Changes to inheritance tax (IHT) came in earlier this year, influencing the allowance for those wanting to pass on their home to members of the family. But as the changes are being rolled out over the next few years up to the 2020/2021 tax year, it can be hard to know if and how the alterations will affect you.
The current amount you’re able to leave in your estate without incurring IHT is £325,000, known as the nil rate band (NRB). Anything above this amount suffers 40% tax, with certain exceptions, such as gifts to charities, being able to decrease that percentage. Any transfers between spouses or civil partners are exempt from IHT even if your estate exceeds the NRB, with married or civil partnered couples having £650,000—twice the NRB limit—to offset against their combined estate.

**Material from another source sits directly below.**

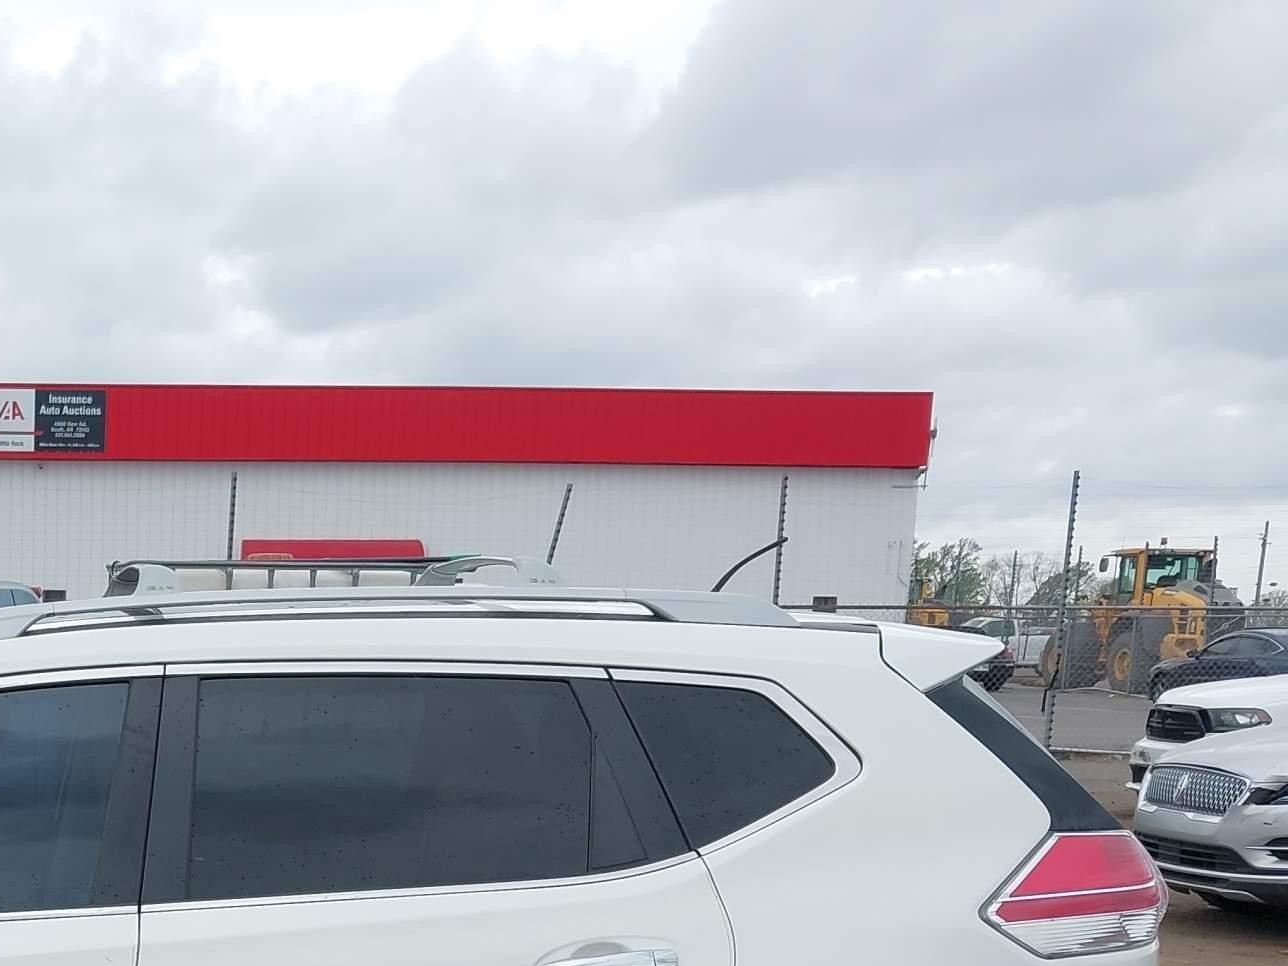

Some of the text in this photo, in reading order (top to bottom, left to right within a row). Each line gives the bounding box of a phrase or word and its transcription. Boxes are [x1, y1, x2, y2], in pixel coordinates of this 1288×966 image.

[48, 394, 93, 404] Insurance
[39, 405, 102, 415] Auto Auctions

Introduced in April this year, the residence nil rate band (RNRB) adds a further £100,000 to the NRB. This will then increase by £25,000 each year up to 2020/2021, when it will reach £175,000. Each individual will therefore have a maximum allowance of £500,000, with surviving spouses having an allowance of £1 million to offset against IHT when their partner’s allowance is transferred to them.
The RNRB differs from the NRB in that it doesn’t apply to lifetime transfers, such as transfers into trusts or gifts given by an individual within a period of seven years before they died. This means that whilst the NRB could possibly be consumed through gift-giving in the last seven years of a person’s life, the RNRB would still be fully available.
Back in 2015, when the RNRB was originally kicked around, there were worries over discouraging older couples from downsizing or selling their home to move in with a relative or to residential care. Since then, however, the regulations have been rearranged so that the allowance can still be exploited by those who sell up or move to a smaller home before their death, as long as the deceased leaves the downsized property or equivalent valued assets to their direct descendants.
Whilst there’s no limit on how much time passes between the downsizing or property sale and death, the transaction needs to have taken place after 7th July 2015 in order to qualify. RNRB also only applies to one property which the deceased needs to have lived in at some point before dying, meaning that buy-to-let properties or those in discretionary trusts don’t apply. If the deceased owned multiple homes, personal representatives are able to nominate which property should qualify for RNRB.
It’s also essential not to fall into ‘the sibling trap’—leaving a home to a sibling rather than a direct descendant such as a son or daughter, which prohibits them from being able to use the RNRB.
The Financial Conduct Authority does not regulate tax advice. Levels, bases of and reliefs from taxation may be subject to change and depend on your individual circumstances.